▸ **Task prompt**
From the first line to the last, retype the records exactly and skip the pictures.

▸ **Data extracts**
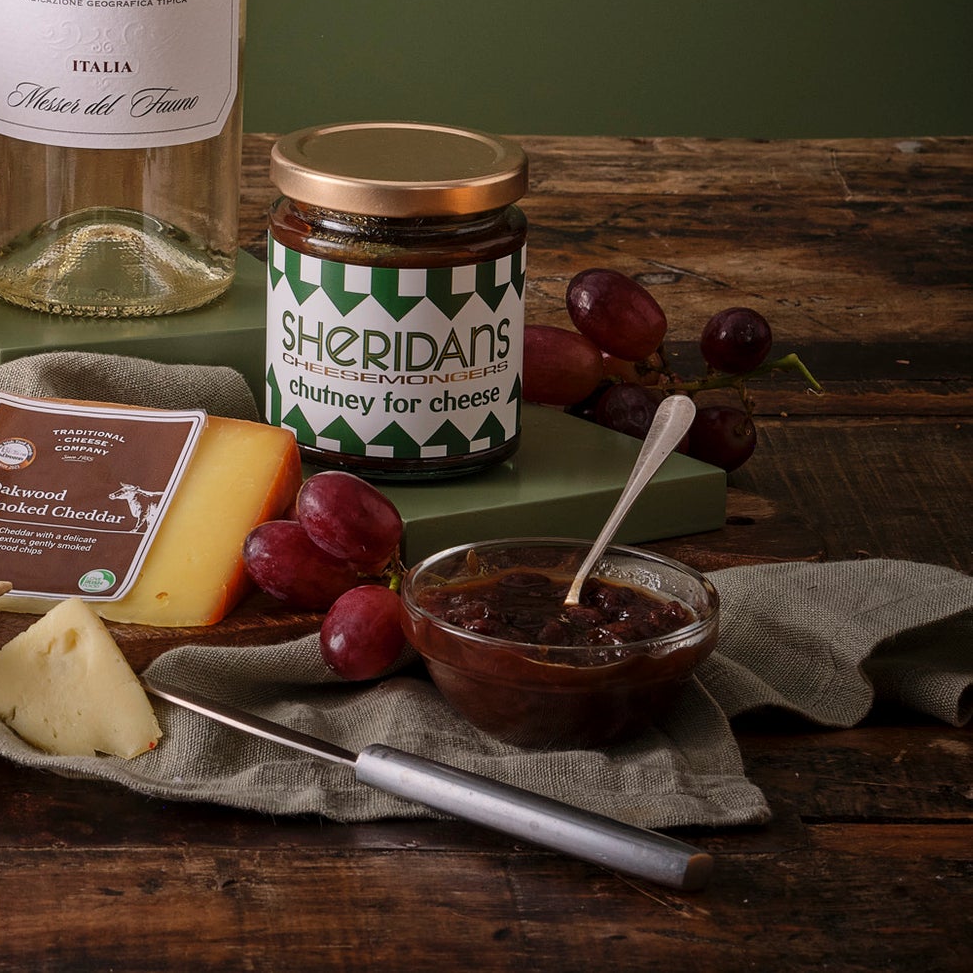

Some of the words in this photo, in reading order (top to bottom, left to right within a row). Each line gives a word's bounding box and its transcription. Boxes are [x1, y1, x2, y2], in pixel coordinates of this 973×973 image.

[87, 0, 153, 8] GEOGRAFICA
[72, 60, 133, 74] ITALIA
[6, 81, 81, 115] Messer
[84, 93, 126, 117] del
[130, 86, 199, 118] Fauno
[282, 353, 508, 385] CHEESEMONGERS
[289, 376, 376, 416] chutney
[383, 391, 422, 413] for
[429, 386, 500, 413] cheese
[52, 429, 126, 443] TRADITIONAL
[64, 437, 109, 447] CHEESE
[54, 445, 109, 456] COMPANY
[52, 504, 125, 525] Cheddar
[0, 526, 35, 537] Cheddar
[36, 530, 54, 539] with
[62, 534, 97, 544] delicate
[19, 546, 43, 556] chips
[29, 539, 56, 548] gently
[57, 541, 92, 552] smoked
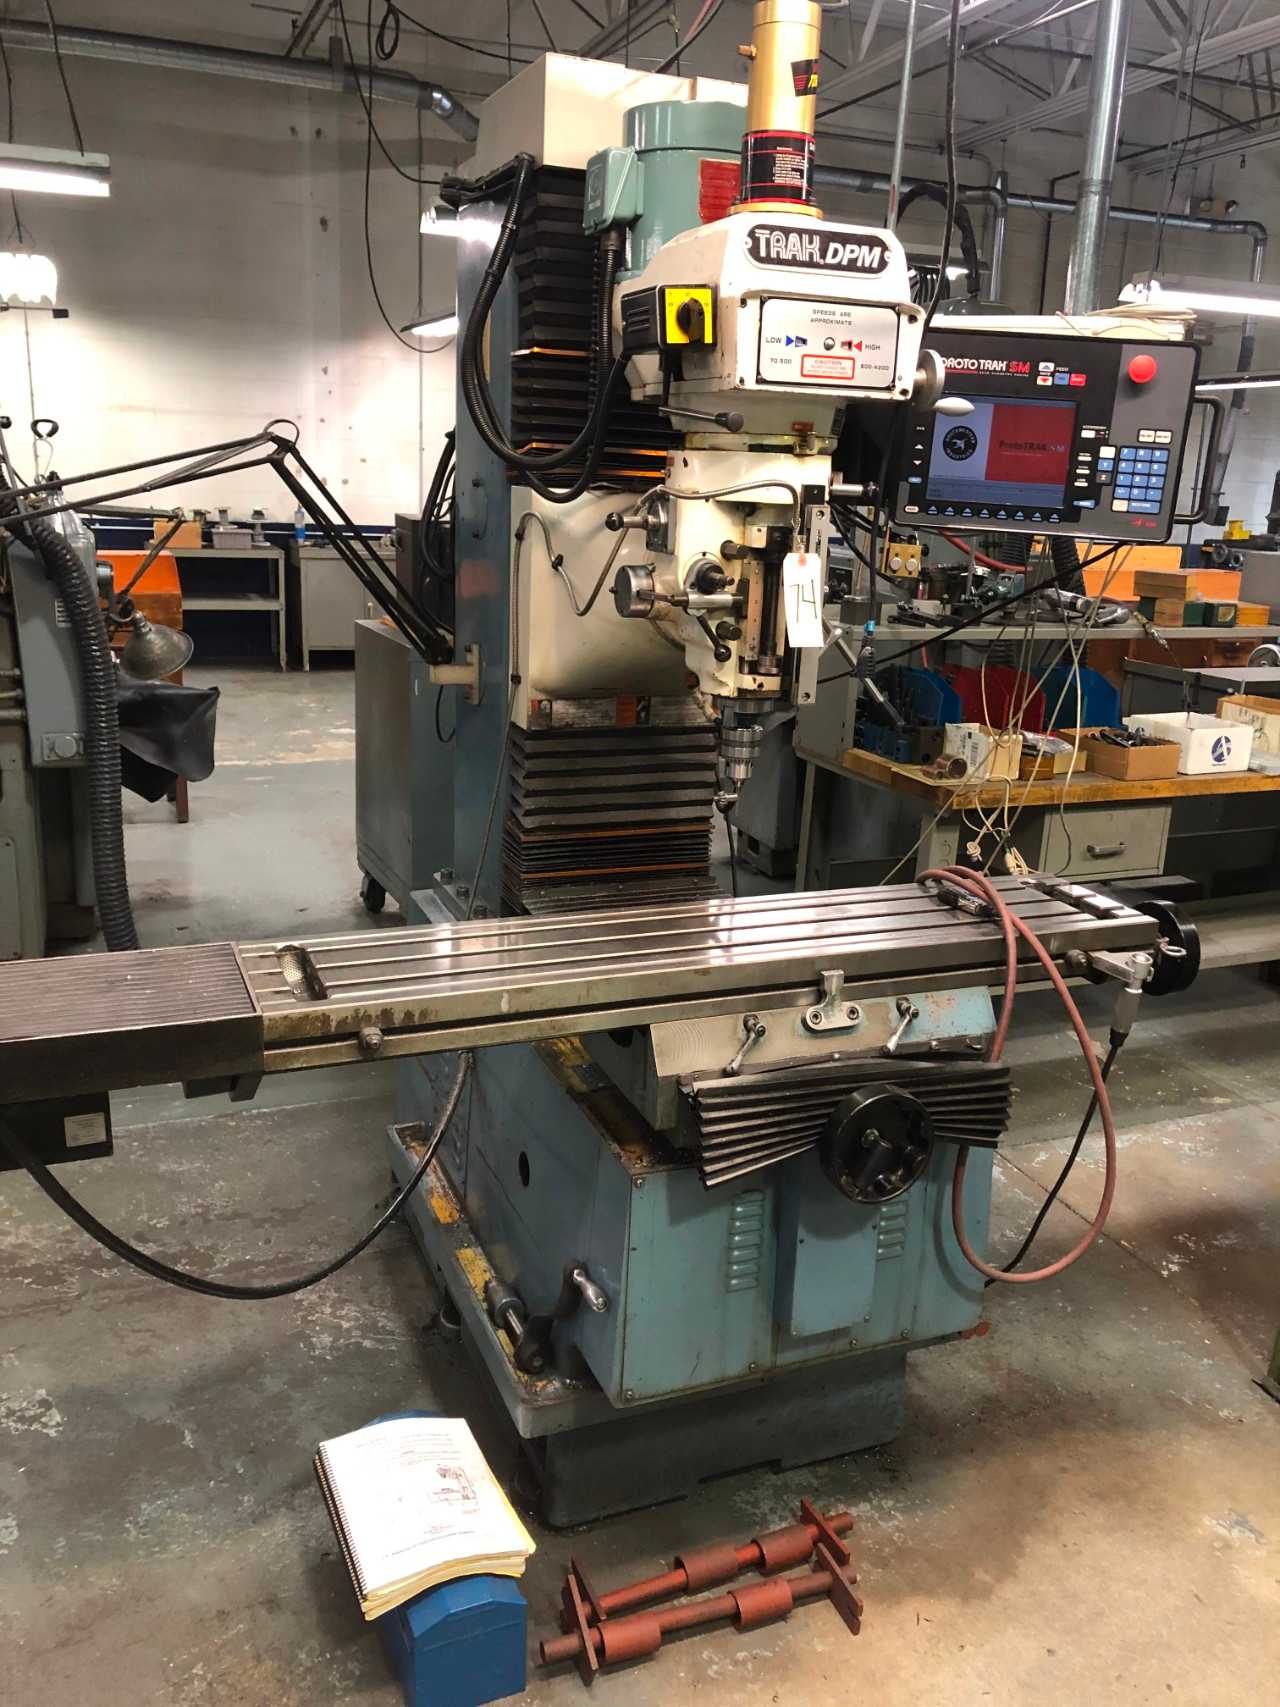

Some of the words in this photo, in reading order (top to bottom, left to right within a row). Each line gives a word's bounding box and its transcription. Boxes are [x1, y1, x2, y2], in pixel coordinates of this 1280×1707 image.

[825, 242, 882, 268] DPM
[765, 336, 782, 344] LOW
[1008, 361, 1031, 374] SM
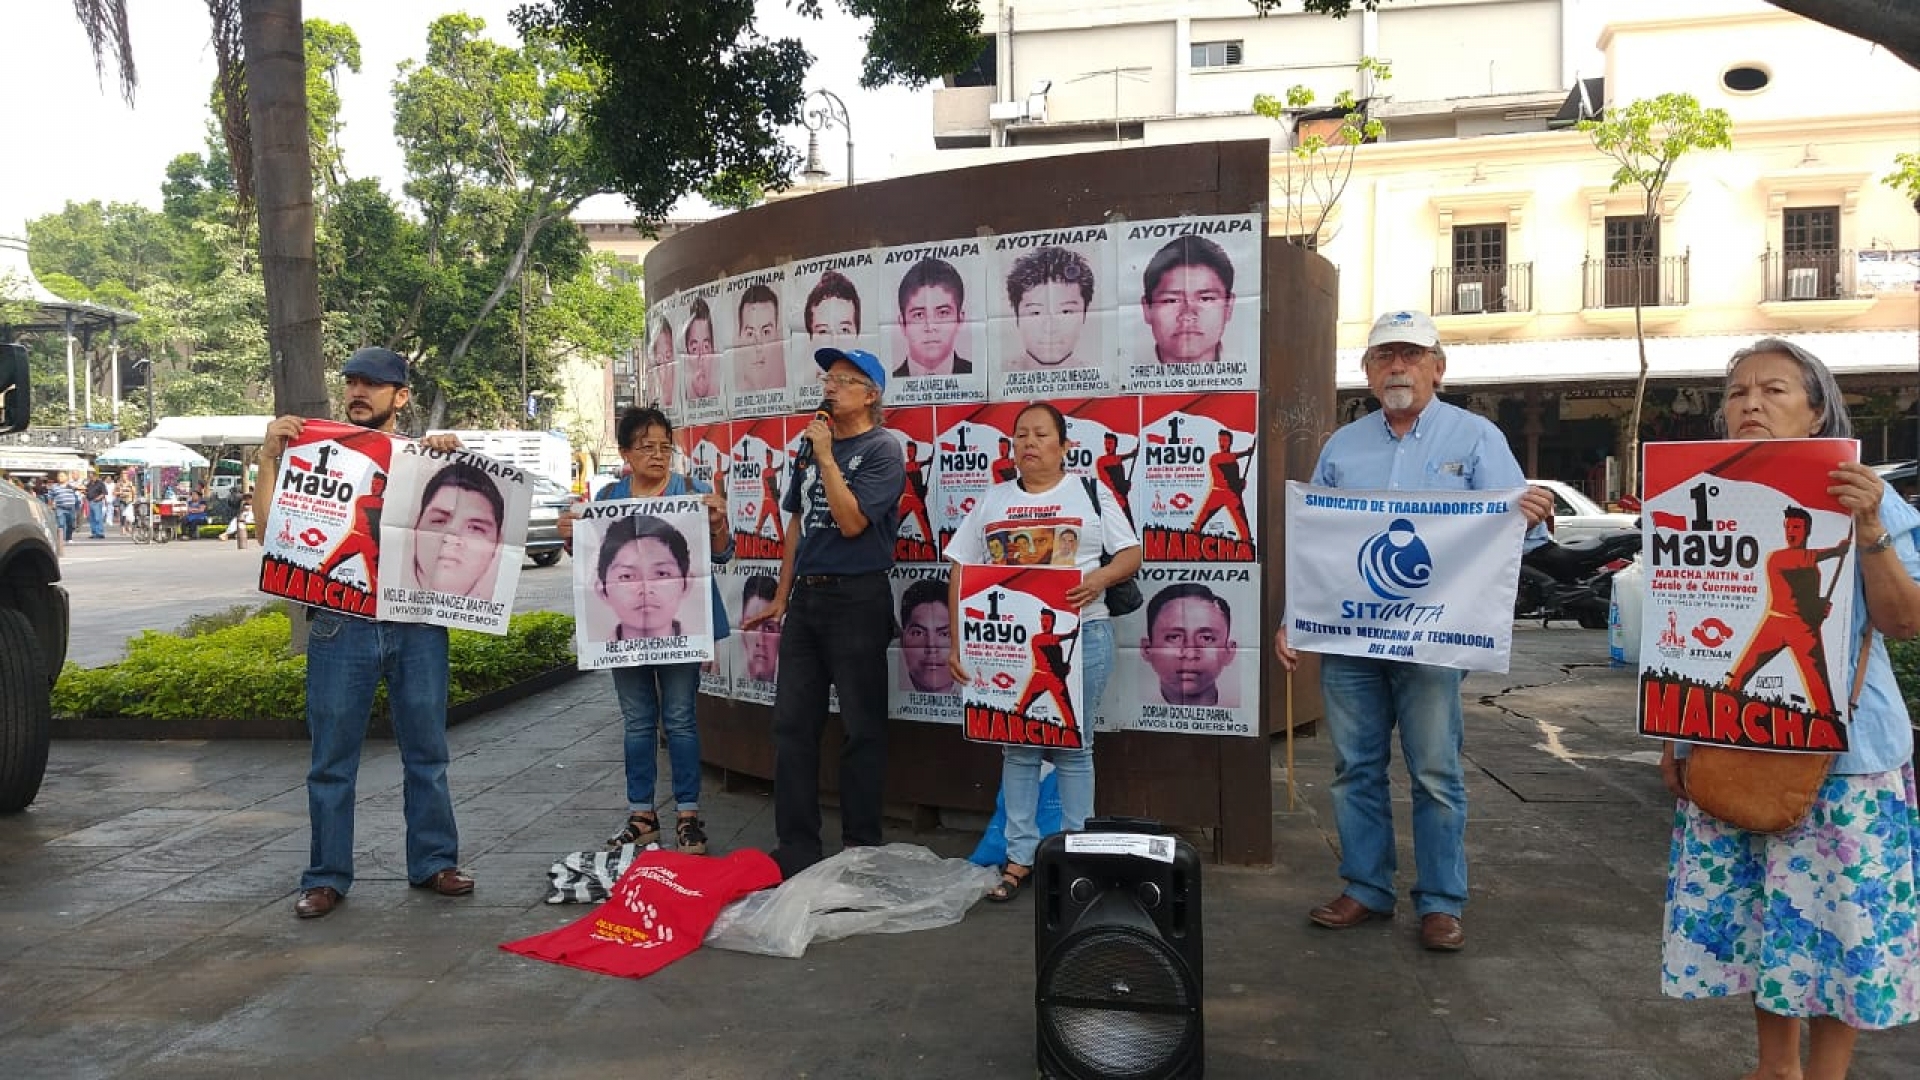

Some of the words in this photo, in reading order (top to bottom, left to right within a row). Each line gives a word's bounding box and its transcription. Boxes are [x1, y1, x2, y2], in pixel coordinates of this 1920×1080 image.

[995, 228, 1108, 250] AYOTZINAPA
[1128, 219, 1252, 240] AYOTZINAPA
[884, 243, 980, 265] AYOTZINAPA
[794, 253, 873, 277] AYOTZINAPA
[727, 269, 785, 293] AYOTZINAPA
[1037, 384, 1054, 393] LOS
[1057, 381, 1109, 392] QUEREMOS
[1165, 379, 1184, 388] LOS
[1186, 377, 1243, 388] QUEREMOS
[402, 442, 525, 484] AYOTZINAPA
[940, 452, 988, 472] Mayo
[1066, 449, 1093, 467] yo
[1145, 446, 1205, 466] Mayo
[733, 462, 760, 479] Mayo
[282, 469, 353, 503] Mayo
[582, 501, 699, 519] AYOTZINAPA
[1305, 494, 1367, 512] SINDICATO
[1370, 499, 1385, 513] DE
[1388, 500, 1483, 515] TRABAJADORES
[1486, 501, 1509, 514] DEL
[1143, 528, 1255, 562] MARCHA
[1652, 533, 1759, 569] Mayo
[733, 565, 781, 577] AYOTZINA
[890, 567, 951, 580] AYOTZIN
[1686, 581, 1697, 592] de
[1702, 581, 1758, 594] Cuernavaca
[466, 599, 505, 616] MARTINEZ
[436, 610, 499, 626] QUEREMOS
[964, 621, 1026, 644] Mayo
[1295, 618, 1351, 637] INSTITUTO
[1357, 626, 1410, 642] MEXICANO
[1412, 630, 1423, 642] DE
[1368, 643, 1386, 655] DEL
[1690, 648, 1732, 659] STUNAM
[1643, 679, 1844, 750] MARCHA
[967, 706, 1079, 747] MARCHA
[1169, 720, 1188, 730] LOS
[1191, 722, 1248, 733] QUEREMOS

▸ **Response**
Some of the words in this photo, in reading order (top to bottom, left to right within a row). Each line gives a word's bounding box and its transcription. Boxes are [x1, y1, x2, y2], in pixel coordinates of this 973×973 image.

[87, 0, 153, 8] GEOGRAFICA
[72, 60, 133, 74] ITALIA
[6, 81, 81, 115] Messer
[84, 93, 126, 117] del
[130, 86, 199, 118] Fauno
[282, 353, 508, 385] CHEESEMONGERS
[289, 376, 376, 416] chutney
[383, 391, 422, 413] for
[429, 386, 500, 413] cheese
[52, 429, 126, 443] TRADITIONAL
[64, 437, 109, 447] CHEESE
[54, 445, 109, 456] COMPANY
[52, 504, 125, 525] Cheddar
[0, 526, 35, 537] Cheddar
[36, 530, 54, 539] with
[62, 534, 97, 544] delicate
[19, 546, 43, 556] chips
[29, 539, 56, 548] gently
[57, 541, 92, 552] smoked

Some of the words in this photo, in reading order (top to bottom, left to right within a row). Each line gives a word's bounding box and its transcription. Boxes are [x1, y1, x2, y2], in pixel coordinates of this 1280×1707 image.

[825, 242, 882, 268] DPM
[765, 336, 782, 344] LOW
[1008, 361, 1031, 374] SM

Some of the words in this photo, in reading order (top to bottom, left to right within a row). Each line gives a word's bounding box and its transcription. Boxes are [x1, y1, x2, y2], in pixel coordinates of this 1920×1080 image.

[995, 228, 1108, 250] AYOTZINAPA
[1128, 219, 1252, 240] AYOTZINAPA
[884, 243, 980, 265] AYOTZINAPA
[794, 253, 873, 277] AYOTZINAPA
[727, 269, 785, 293] AYOTZINAPA
[1037, 384, 1054, 393] LOS
[1057, 381, 1109, 392] QUEREMOS
[1165, 379, 1184, 388] LOS
[1186, 377, 1243, 388] QUEREMOS
[402, 442, 525, 484] AYOTZINAPA
[940, 452, 988, 472] Mayo
[1066, 449, 1093, 467] yo
[1145, 446, 1205, 466] Mayo
[733, 462, 760, 479] Mayo
[282, 469, 353, 503] Mayo
[582, 501, 699, 519] AYOTZINAPA
[1305, 494, 1367, 512] SINDICATO
[1370, 499, 1385, 513] DE
[1388, 500, 1483, 515] TRABAJADORES
[1486, 501, 1509, 514] DEL
[1143, 528, 1255, 562] MARCHA
[1652, 533, 1759, 569] Mayo
[733, 565, 781, 577] AYOTZINA
[890, 567, 951, 580] AYOTZIN
[1686, 581, 1697, 592] de
[1702, 581, 1758, 594] Cuernavaca
[466, 599, 505, 616] MARTINEZ
[436, 610, 499, 626] QUEREMOS
[964, 621, 1026, 644] Mayo
[1295, 618, 1351, 637] INSTITUTO
[1357, 626, 1410, 642] MEXICANO
[1412, 630, 1423, 642] DE
[1368, 643, 1386, 655] DEL
[1690, 648, 1732, 659] STUNAM
[1643, 679, 1844, 750] MARCHA
[967, 706, 1079, 747] MARCHA
[1169, 720, 1188, 730] LOS
[1191, 722, 1248, 733] QUEREMOS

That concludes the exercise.